> **About this exercise**
Pictures are to be omitted, and every entry below is to be restated exactly.

·····

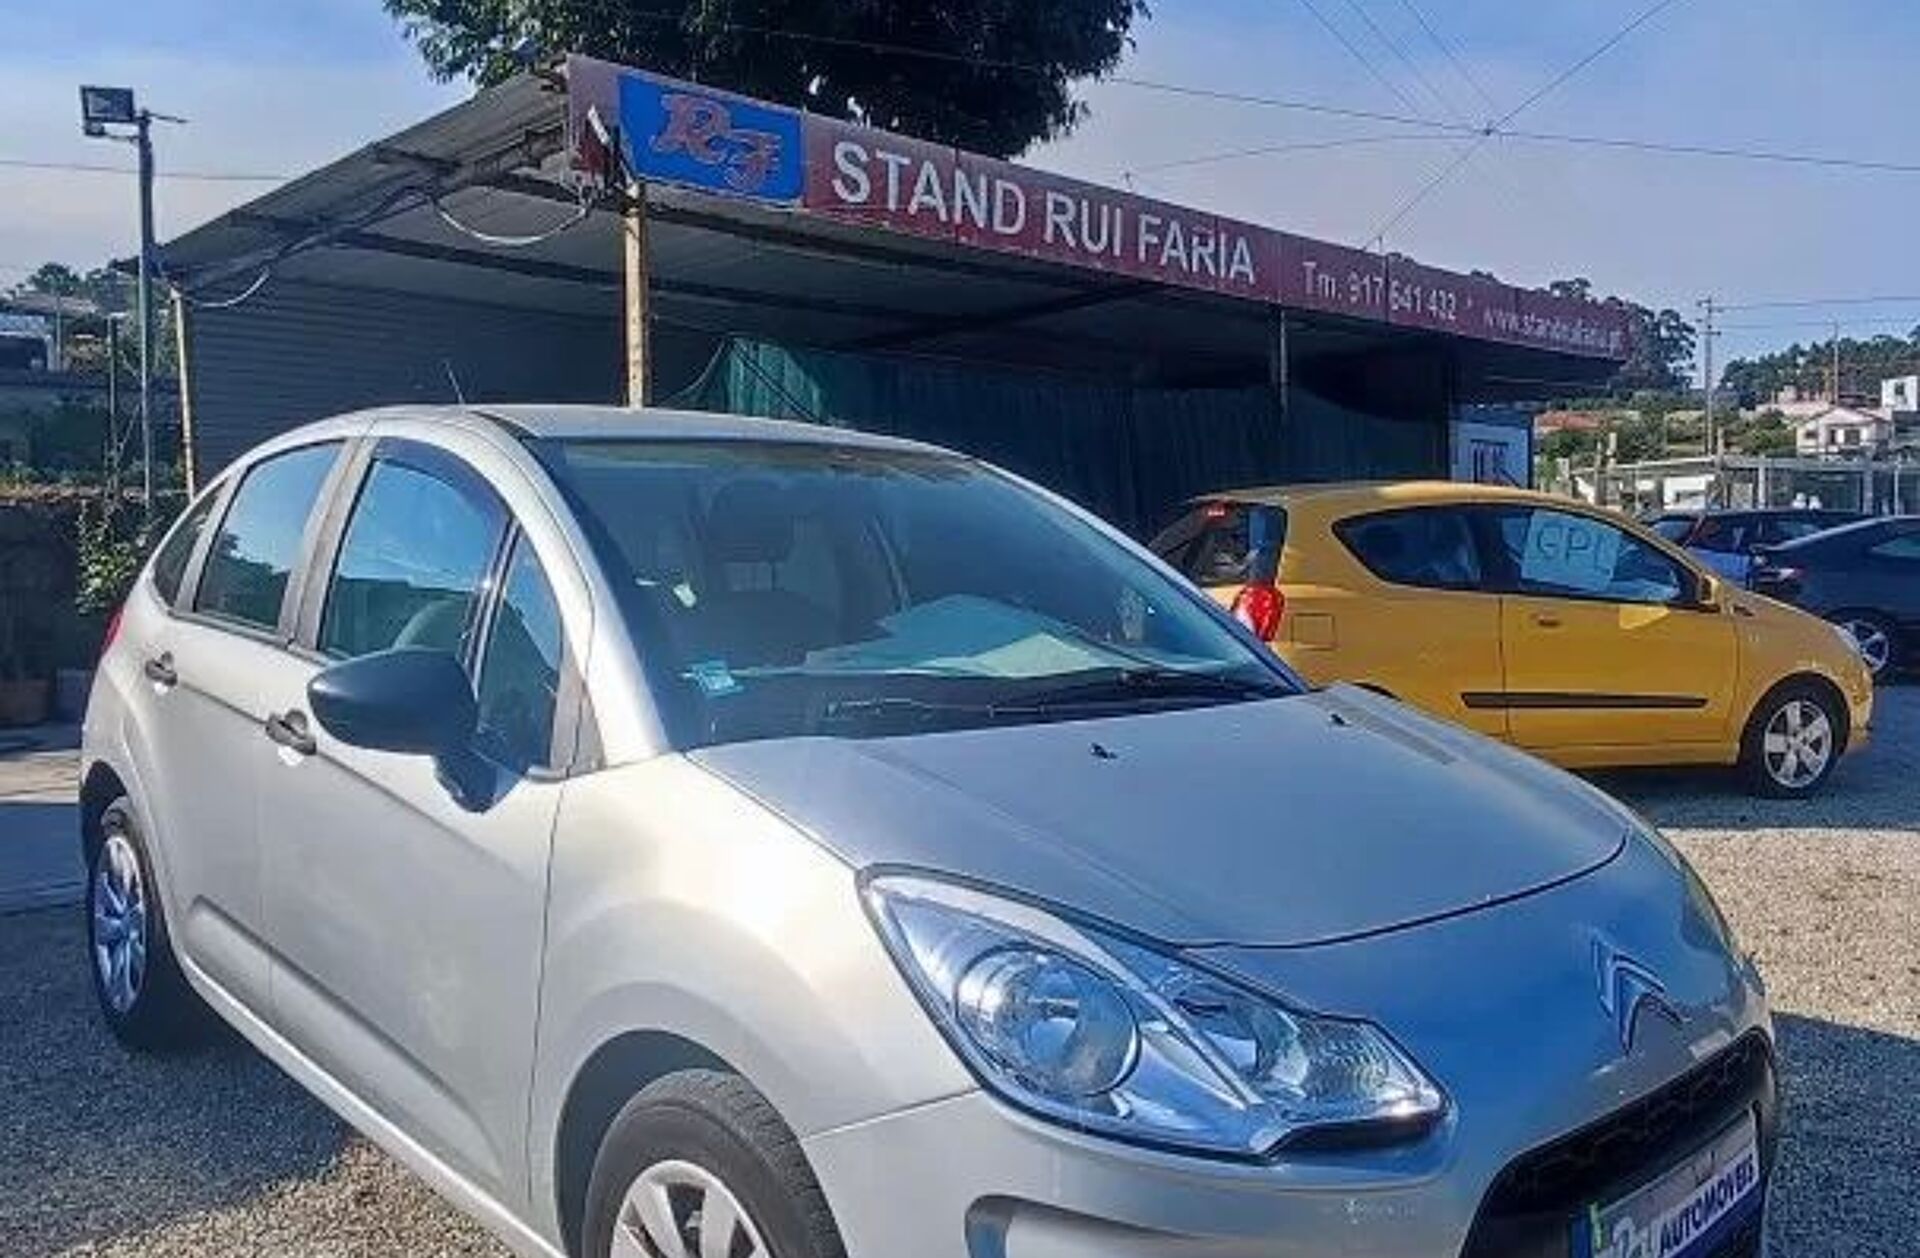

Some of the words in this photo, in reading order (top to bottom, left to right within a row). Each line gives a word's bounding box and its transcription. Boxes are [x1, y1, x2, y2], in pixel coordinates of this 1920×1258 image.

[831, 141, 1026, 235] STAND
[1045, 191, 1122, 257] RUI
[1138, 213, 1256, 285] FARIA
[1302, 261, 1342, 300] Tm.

·····

> **Solution to the exercise**
Some of the words in this photo, in reading order (top to bottom, left to right within a row). Each line gives a word's bounding box and its transcription. Boxes are [x1, y1, x2, y2], in pixel coordinates of this 1920×1258 image.

[831, 141, 1026, 235] STAND
[1045, 191, 1122, 257] RUI
[1138, 213, 1256, 285] FARIA
[1302, 261, 1342, 300] Tm.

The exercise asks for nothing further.